Start of RECORD SET
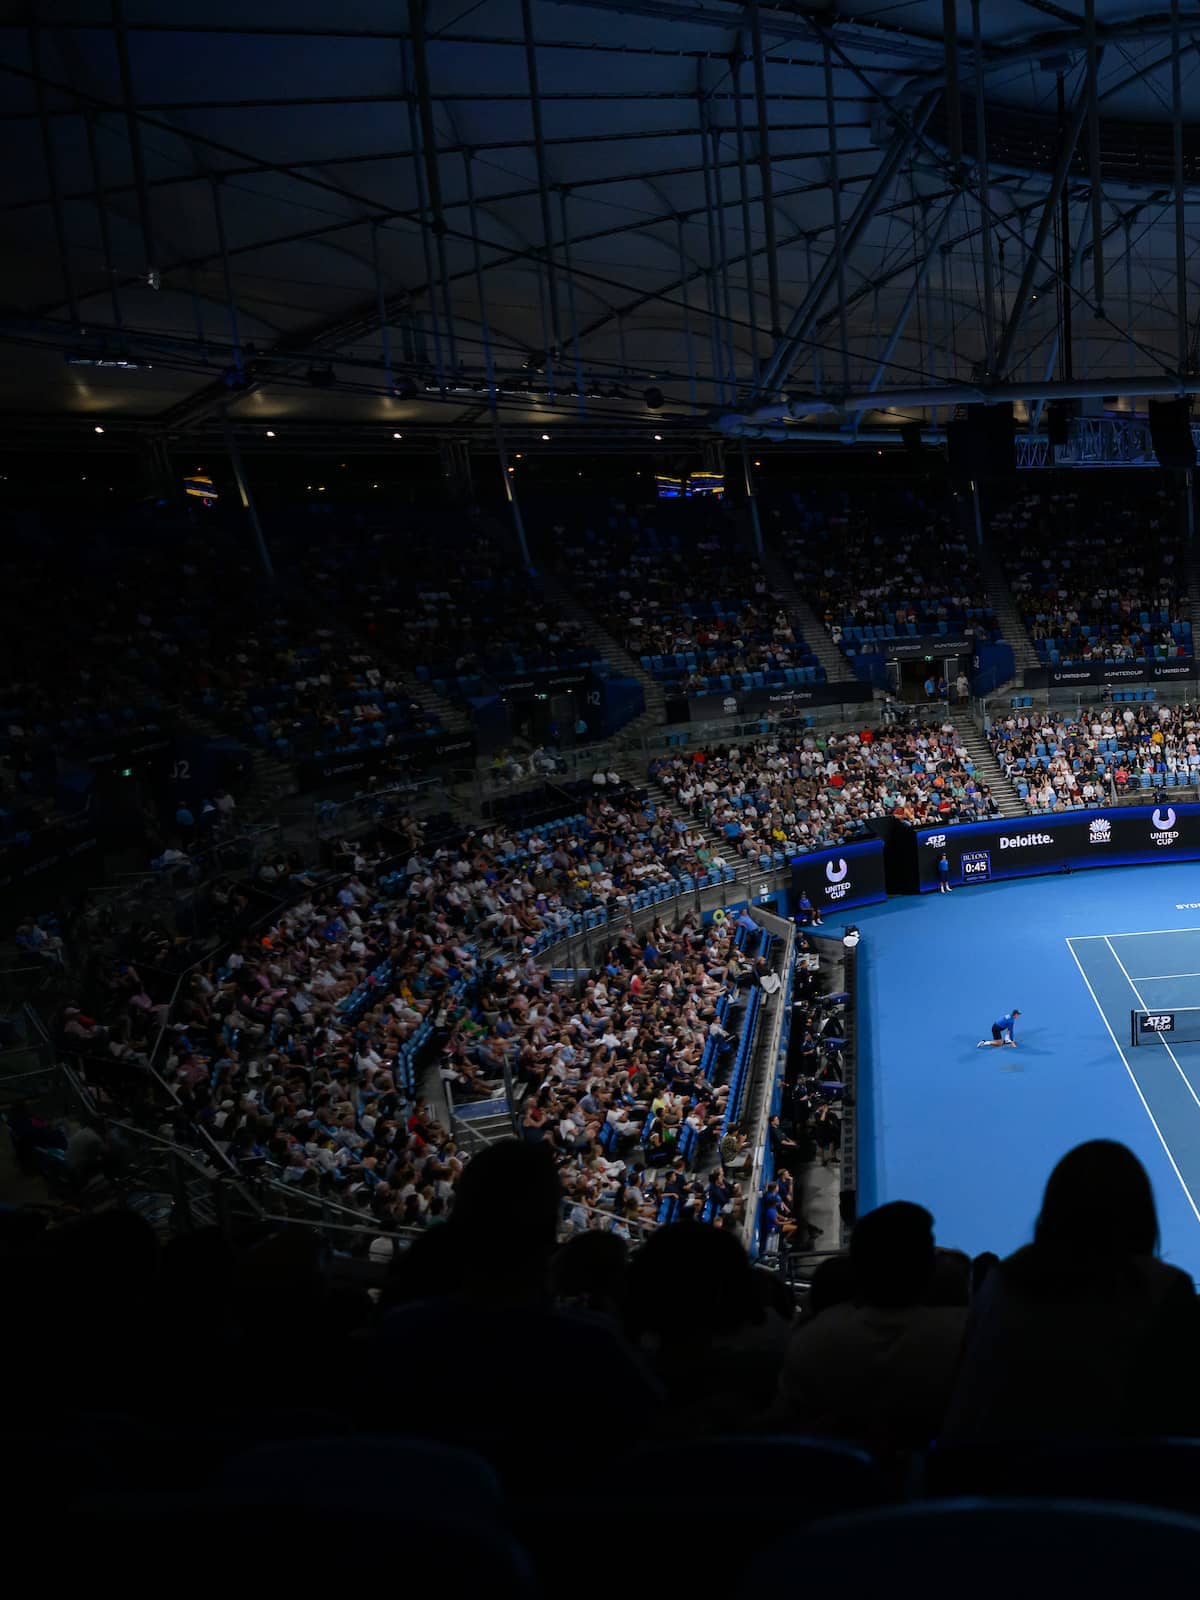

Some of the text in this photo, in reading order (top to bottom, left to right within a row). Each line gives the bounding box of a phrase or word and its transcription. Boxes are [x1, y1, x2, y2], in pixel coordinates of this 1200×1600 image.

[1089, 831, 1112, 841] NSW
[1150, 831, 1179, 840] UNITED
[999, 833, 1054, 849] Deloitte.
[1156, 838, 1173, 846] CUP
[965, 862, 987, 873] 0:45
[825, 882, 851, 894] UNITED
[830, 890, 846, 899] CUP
End of RECORD SET
» BRIEF
If pictures appear among the entries above, omit them; repeat everything else verbatim.

» OUTPUT BELOW
Some of the text in this photo, in reading order (top to bottom, left to right within a row). Each line gives the bounding box of a phrase or word and its transcription. Boxes are [x1, y1, x2, y2], in pixel coordinates of this 1200×1600 image.

[1089, 831, 1112, 841] NSW
[1150, 831, 1179, 840] UNITED
[999, 833, 1054, 849] Deloitte.
[1156, 838, 1173, 846] CUP
[965, 862, 987, 873] 0:45
[825, 882, 851, 894] UNITED
[830, 890, 846, 899] CUP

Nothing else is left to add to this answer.